Anu Singh, managing director of partnerships, mergers and acquisitions at Kaufman Hall, a healthcare consulting firm, told Chief Healthcare Executive in October that some hospitals are going to be seeking partners out of necessity.
“For some it will be a lifeline conversation, for others it may be a strategic tipping point,” Singh said. “I think we’re going to see financial tipping points for need, I think we’ll see some strategic tipping points for investment.”
'Strong working relationship'
With the merger with Cape Regional, Cooper expands its presence in South Jersey, where there’s no shortage of healthcare providers.
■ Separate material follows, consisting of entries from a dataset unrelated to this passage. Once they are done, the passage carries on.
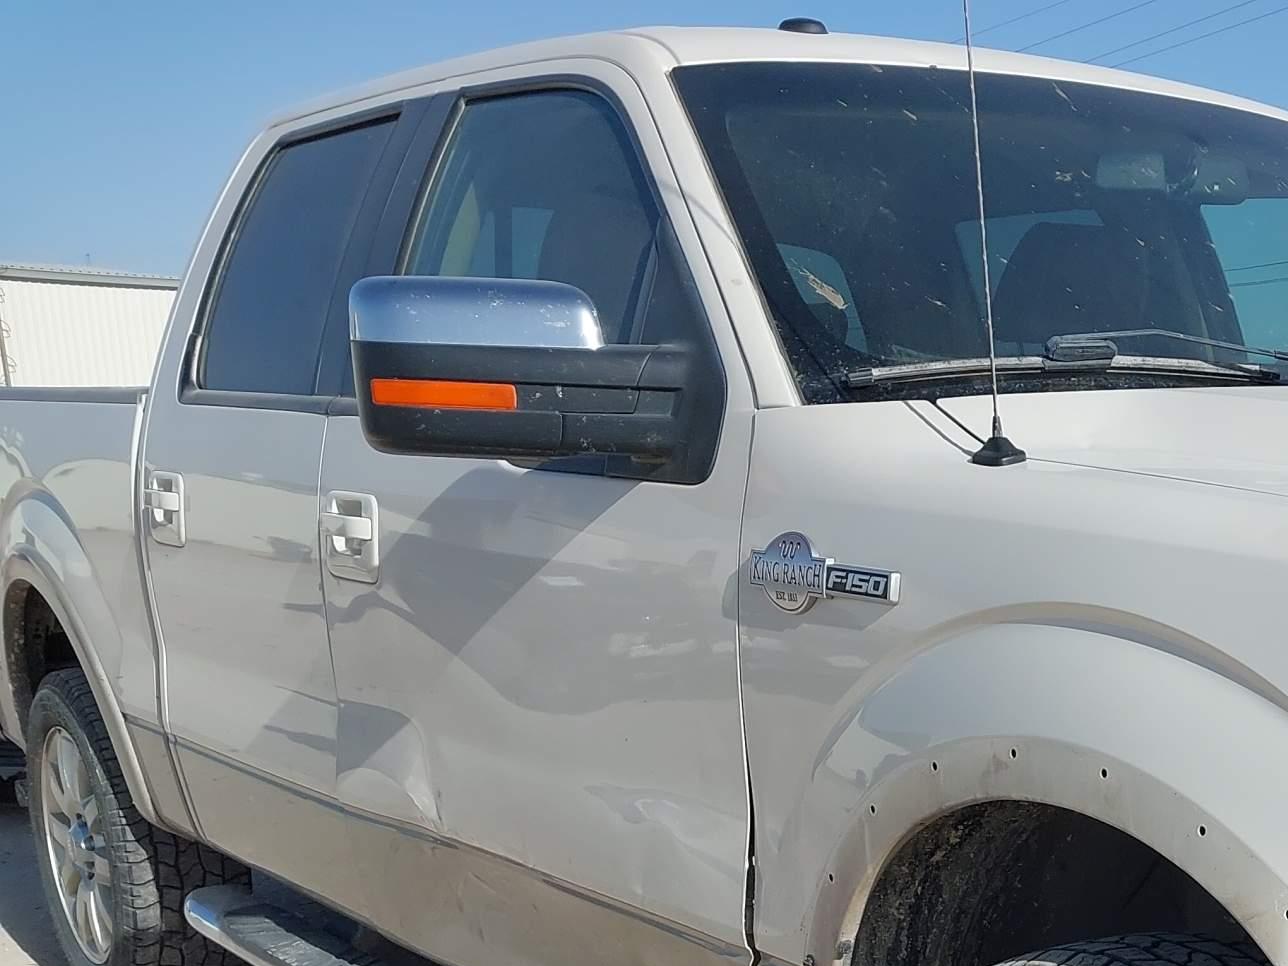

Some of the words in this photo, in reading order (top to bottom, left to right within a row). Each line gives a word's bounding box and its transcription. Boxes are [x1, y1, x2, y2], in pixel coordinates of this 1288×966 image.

[752, 556, 780, 583] KING
[782, 563, 822, 588] RANCH
[828, 571, 887, 596] F-150
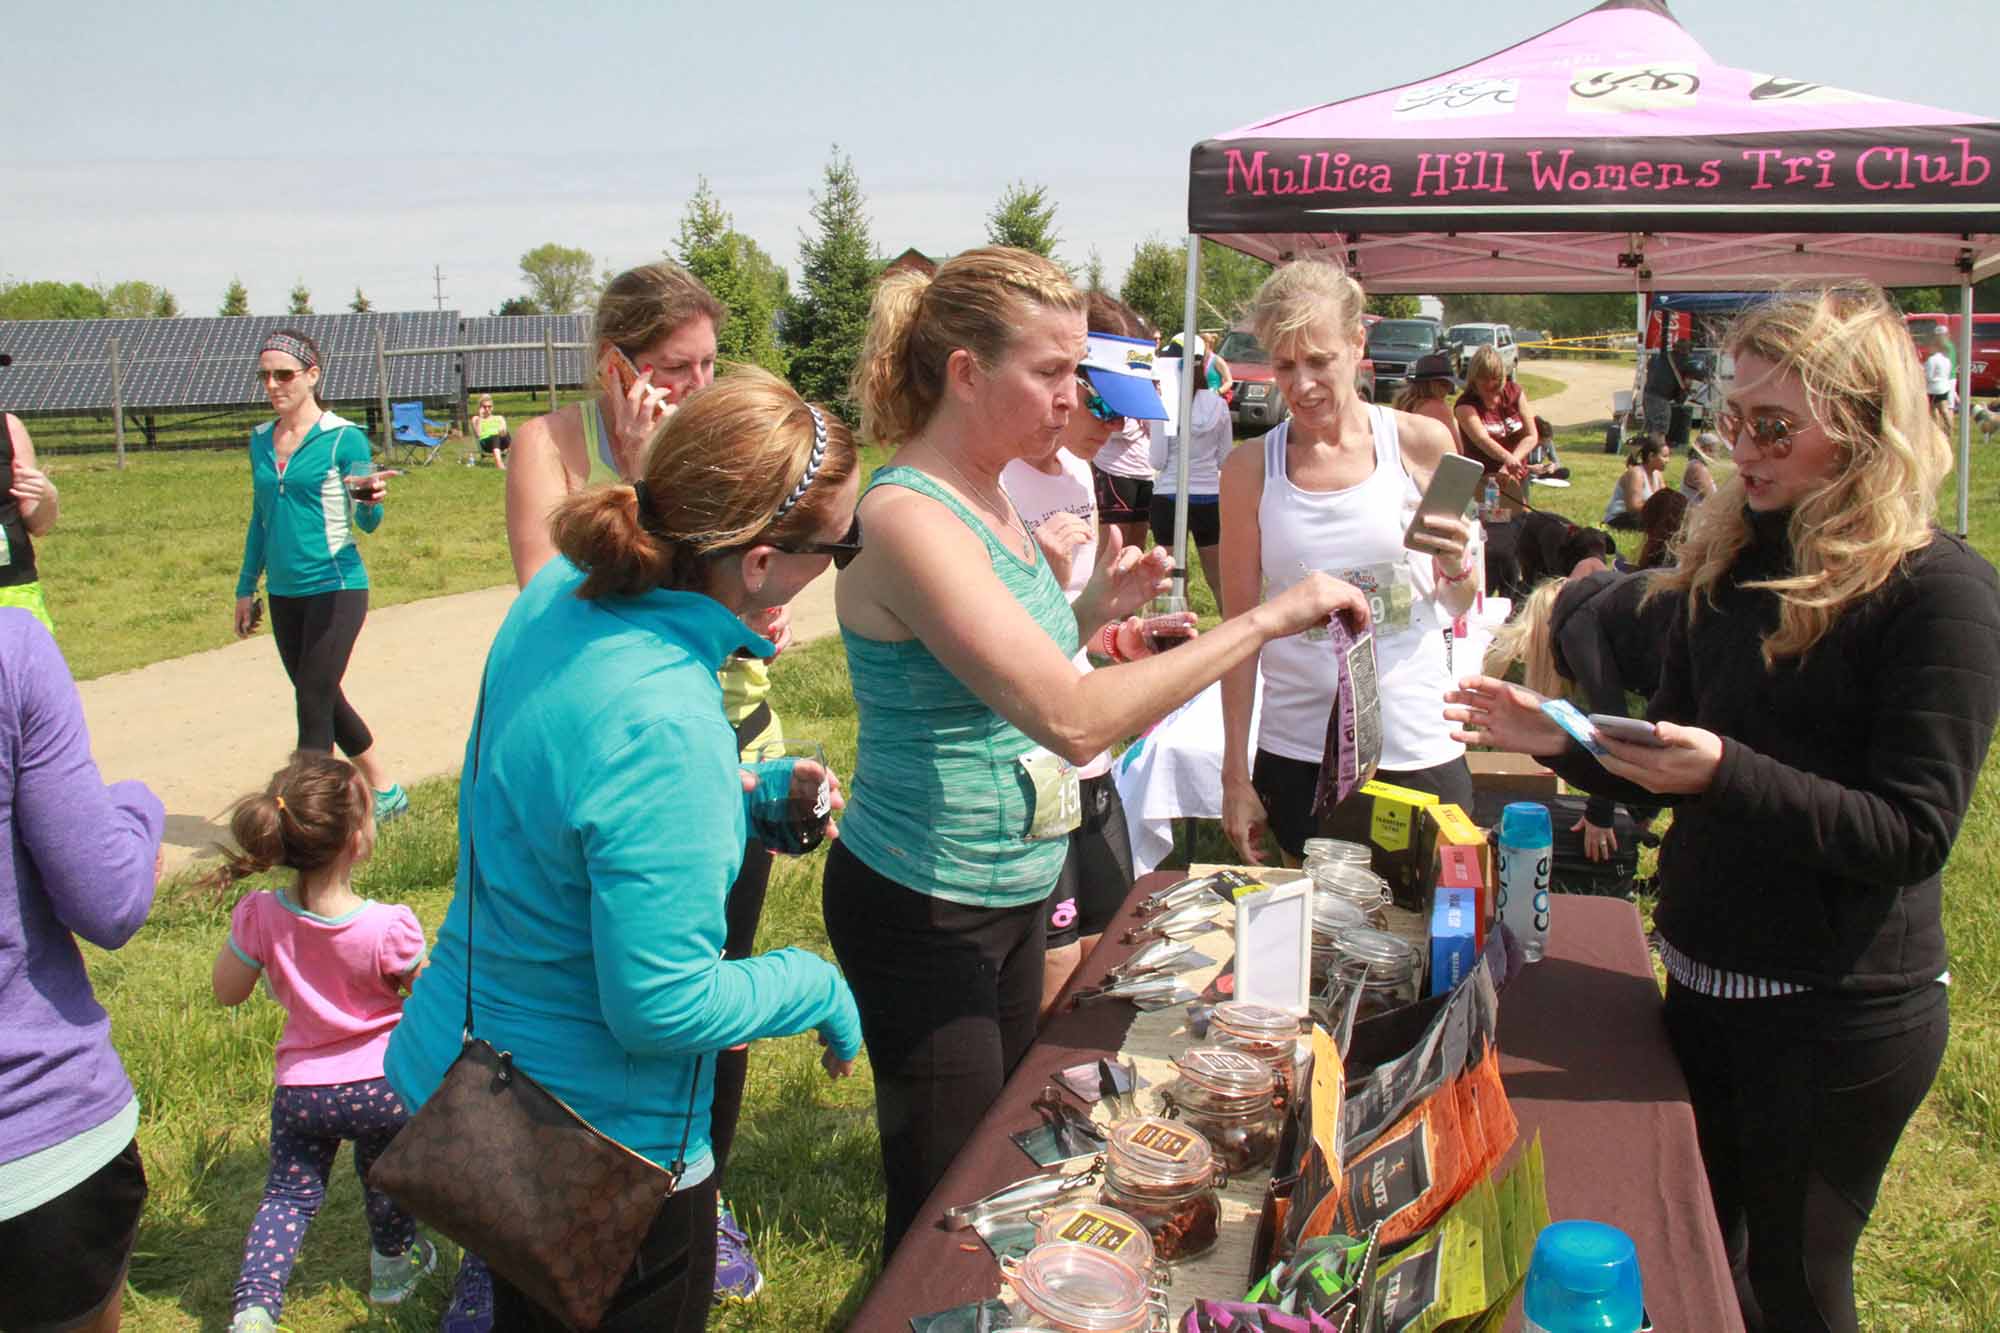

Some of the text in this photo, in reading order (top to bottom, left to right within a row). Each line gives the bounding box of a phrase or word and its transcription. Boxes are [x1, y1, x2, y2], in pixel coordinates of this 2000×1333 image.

[1223, 137, 1991, 197] Mullica Hill Womens Tri Club
[1533, 855, 1551, 932] core
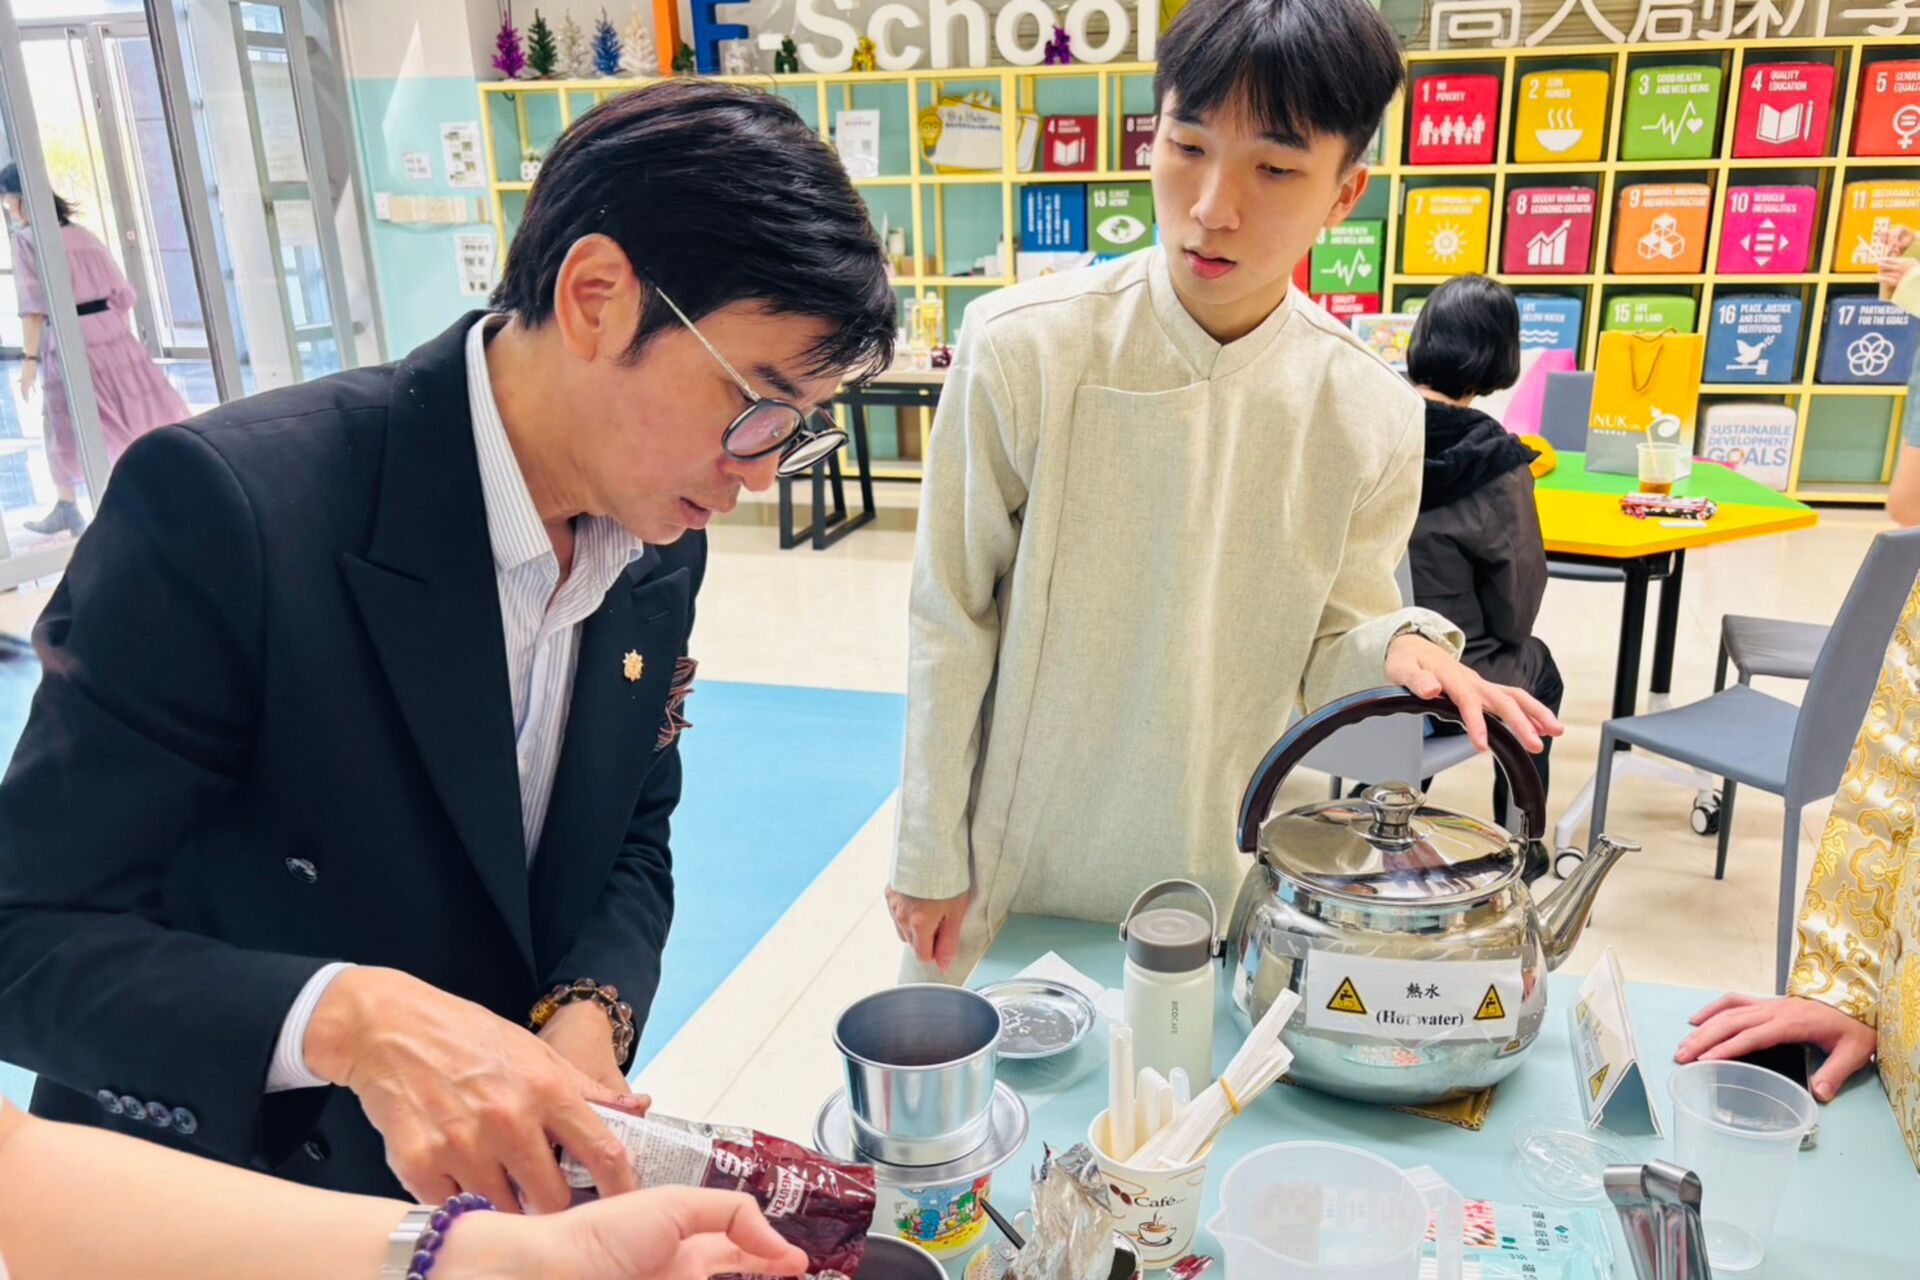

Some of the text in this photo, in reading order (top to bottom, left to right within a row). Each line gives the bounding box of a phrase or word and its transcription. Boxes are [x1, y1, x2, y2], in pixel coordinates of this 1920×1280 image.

[1529, 79, 1540, 99] 2
[1639, 75, 1650, 96] 3
[1751, 70, 1764, 91] 4
[1876, 72, 1888, 93] 5
[1422, 81, 1430, 103] 1
[1415, 196, 1424, 216] 7
[1516, 195, 1527, 215] 8
[1629, 189, 1640, 209] 9
[1730, 193, 1749, 214] 10
[1614, 304, 1630, 323] 15
[1719, 304, 1736, 325] 16
[1839, 305, 1856, 326] 17
[1594, 414, 1628, 430] NUK
[1710, 424, 1793, 436] SUSTAINABLE
[1708, 435, 1789, 447] DEVELOPMENT
[1707, 446, 1788, 466] GOALS
[1406, 982, 1441, 999] 熱水
[1134, 1195, 1177, 1208] Café
Penn Medicine has a partnership with Virtua Health, and Jefferson Health is also in the market, among others.
Joanne Carrocino, president and CEO of Cape Regional, said in a statement that the two systems “have had a strong working relationship for many years.”
Cooper has helped staff Cape Regional’s intensive care unit and provided telemedicine services, she said.
While more hospital mergers and acquisitions are being announced recently, the Federal Trade Commission has opposed some hospital deals, prompting the systems to abandon the deals. Federal regulators have looked closely at hospital mergers, particularly those involving systems in overlapping markets.
Cooper and Cape Regional are both in southern New Jersey but are serving different areas. Cooper serves the suburbs surrounding Philadelphia, while Cape Regional is concentrated on New Jersey’s southern tip, serving communities along the Jersey Shore.
Kevin O’Dowd, co-CEO of Cooper, described Cape Regional as “a distinguished health system of high-quality clinical outcomes and commitment to their community.”
“We look forward to working with our future colleagues at Cape Regional to build upon this tremendous legacy of service to residents of the Cape May region,” O’Dowd said in a statement.
While Cooper struggled financially years ago, the system has managed a significant turnaround in recent years. In November, Cooper’s credit rating was upgraded by S&P Global Ratings from “BBB+” to an “A-”, the highest in the system’s 135-year history.
S&P noted that Cooper “has remained focused on increasing market share” and is seeing gains from “physician recruitment; rising tertiary transfers from community hospitals … and ambulatory expansion in the suburbs.”